I wrote an article recently for this website, which explained that as children, boys are taught to compete while girls are taught to compare. Girls are also taught to be nice, polite and in control of their emotions. As the nursery rhyme goes, “What are little girls made of? Sugar and spice and all things nice”. Boys, on the other hand, are expected to be disorderly and boisterous. According to an article in The Huffington Post, “Girls are more likely to learn that their feelings of anger, no matter the reason for them, are ‘wrong’ and out of sync with their identities as girls” So while girls see boys’ disruptive behaviour validated as masculine and predictable, their own is chastised and quashed. As Nigerian author, Chimamanda Ngozi Adichie remarked, “We spend too much time telling girls that they cannot be angry or aggressive or tough, which is bad enough, but then we turn around and either praise or excuse men for the same reasons.” It’s a confusing set of goalposts to grow up with.

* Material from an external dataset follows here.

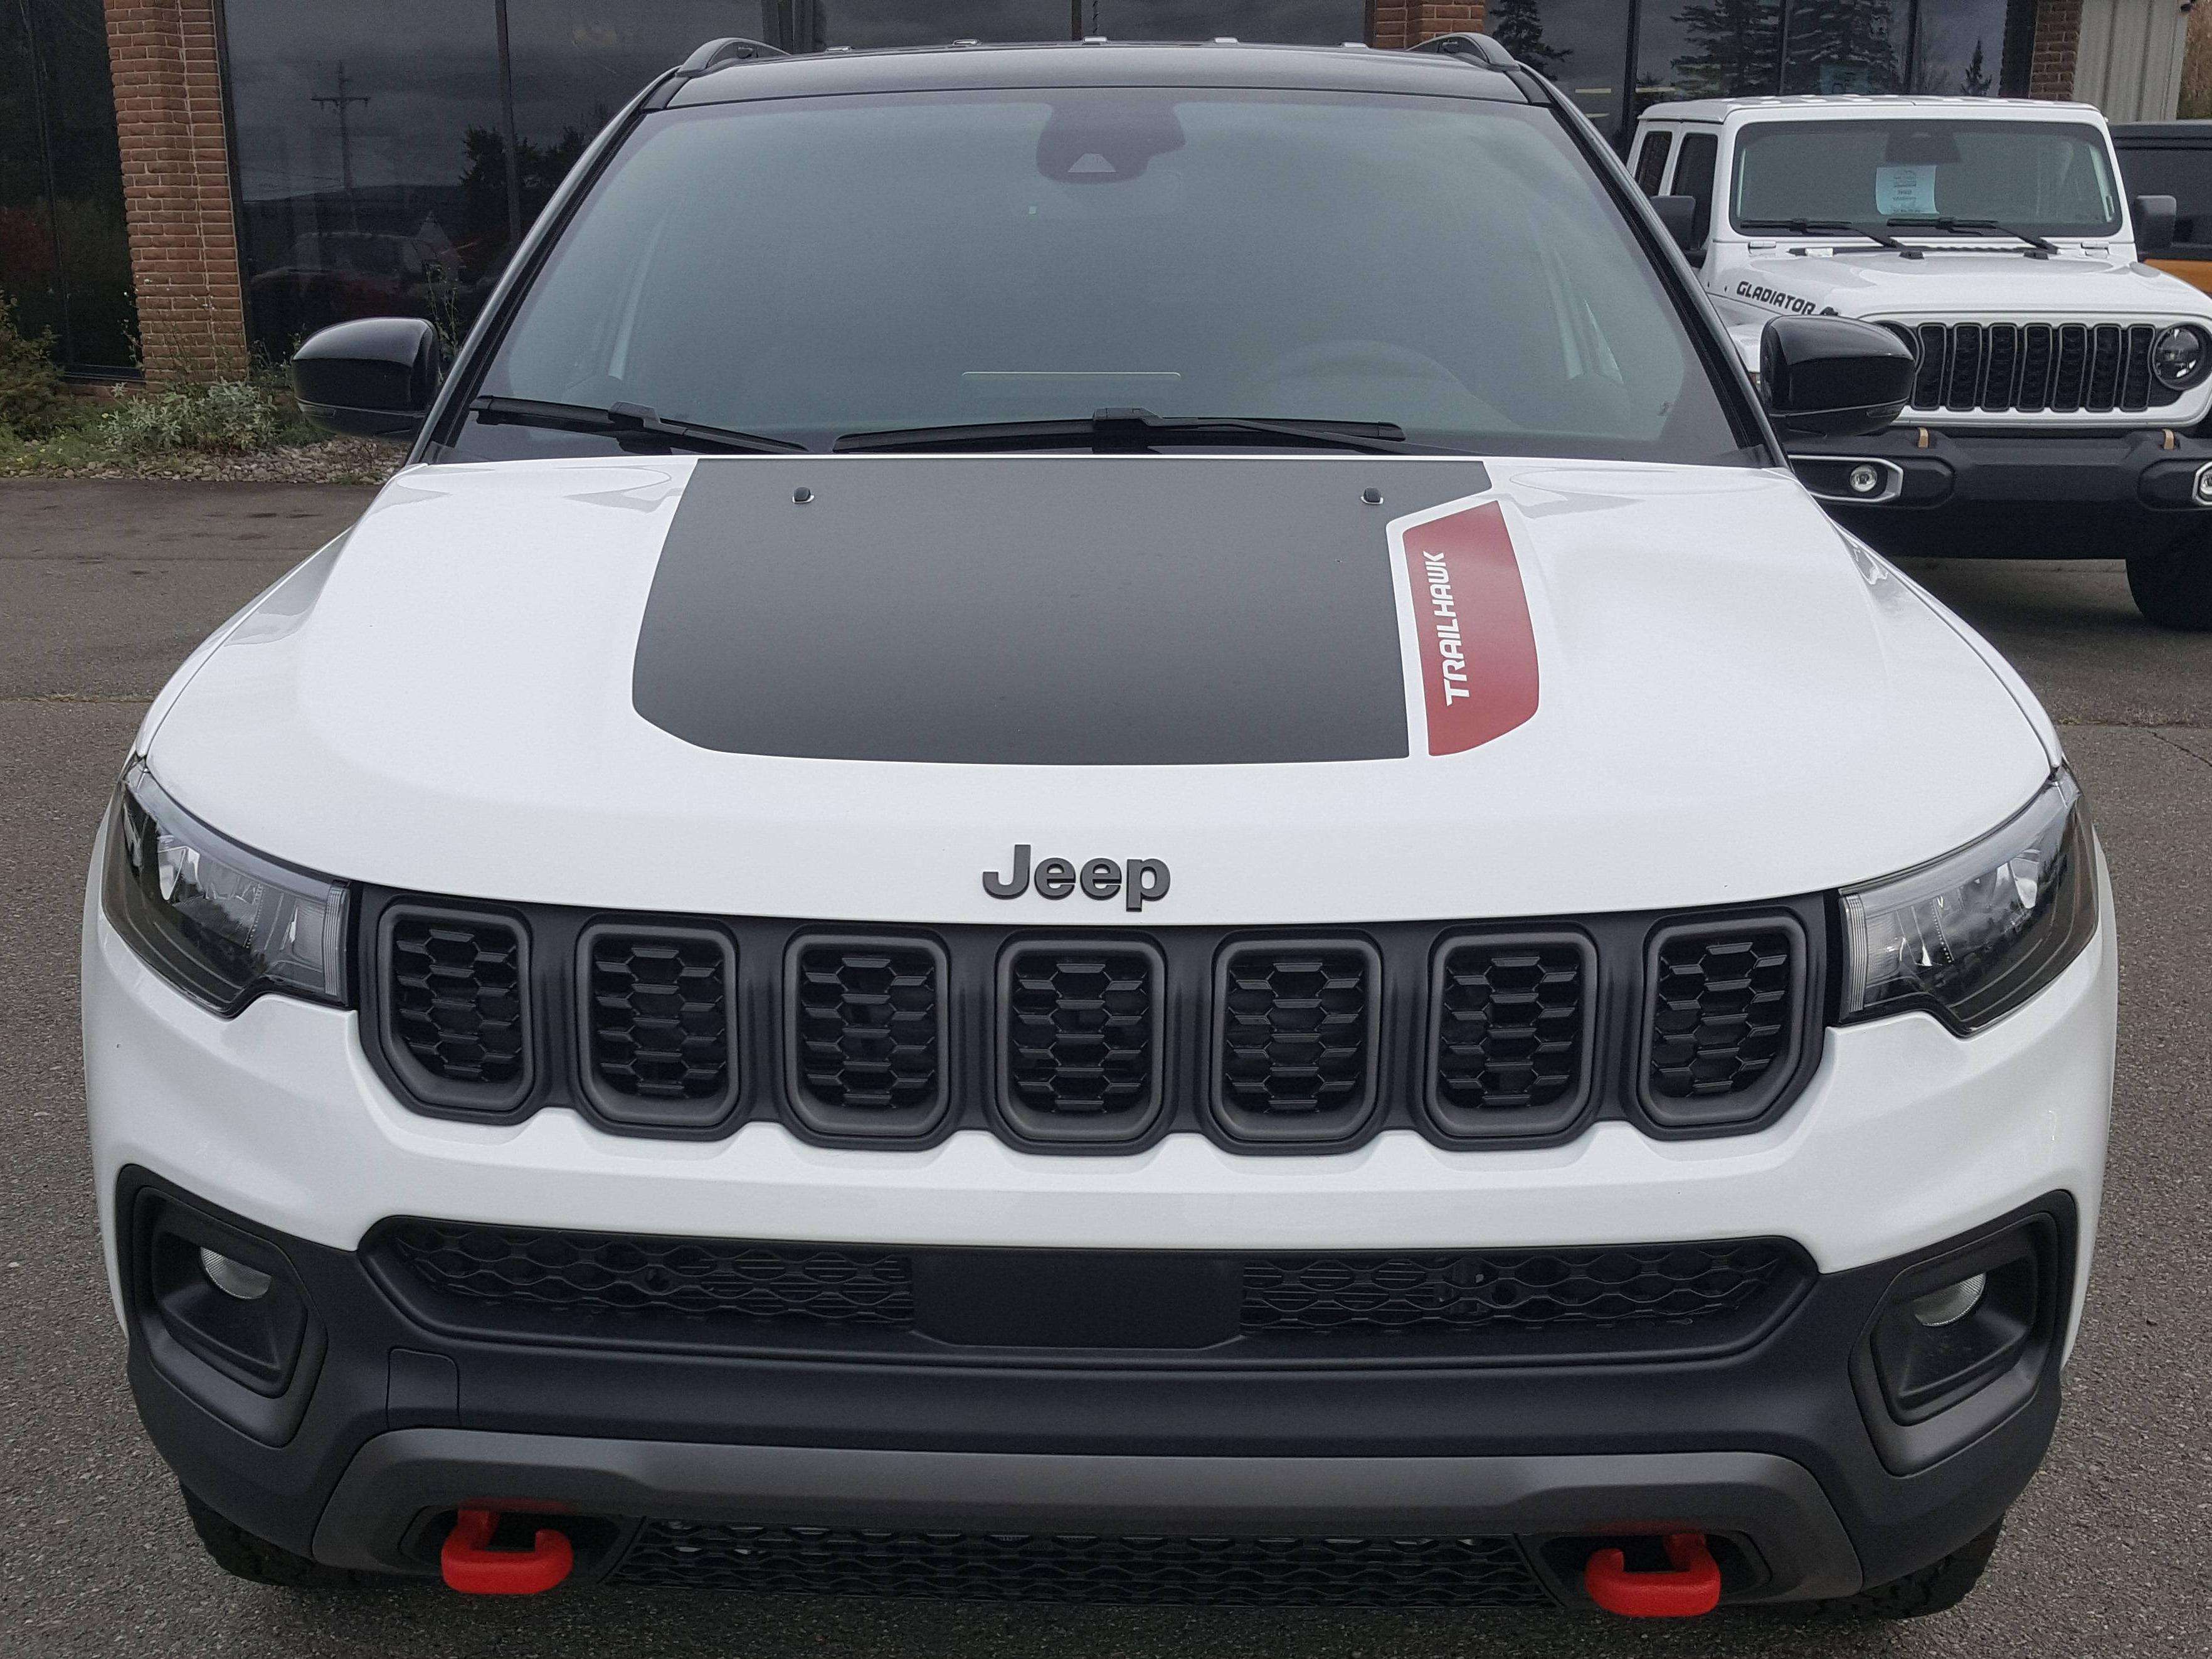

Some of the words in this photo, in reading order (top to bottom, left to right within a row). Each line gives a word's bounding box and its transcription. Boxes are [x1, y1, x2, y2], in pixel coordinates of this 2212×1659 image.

[1737, 281, 1816, 314] GLADIATOR
[1423, 551, 1470, 706] TRAILHAWK
[982, 844, 1171, 912] Jeep

I can’t think of a single occasion when I’ve really shown anger. I have no frame of reference for what justified, constructive anger looks like in a woman, probably because my Dad was the only one of my parents who ever became angry. My mother, no doubt, was often seething with rage, but she always repressed it and never let it “out”. I do remember two occasions at work when I expressed, not anger, but a firm and opposing opinion to a colleague. I was immediately accused of being aggressive. If the intent was to make me feel irrational, over-reactive and self-conscious, it worked. What was most disappointing about these two encounters was not just the clichéd response to a woman who doesn’t meekly comply, but the fact that my colleagues were women, not men. Unfortunately, the narrative that women should not be disruptive or opinionated, that they should make those around them feel comfortable not confronted, has brainwashed even some women into believing it to be true.
To be told you’re behaving aggressively is the same as being told to “calm down”. It pulls the proverbial rug right out from under you, instantly making you feel as if you’re not in tune with your own behaviour; as if your emotions have control over you rather than the other way round.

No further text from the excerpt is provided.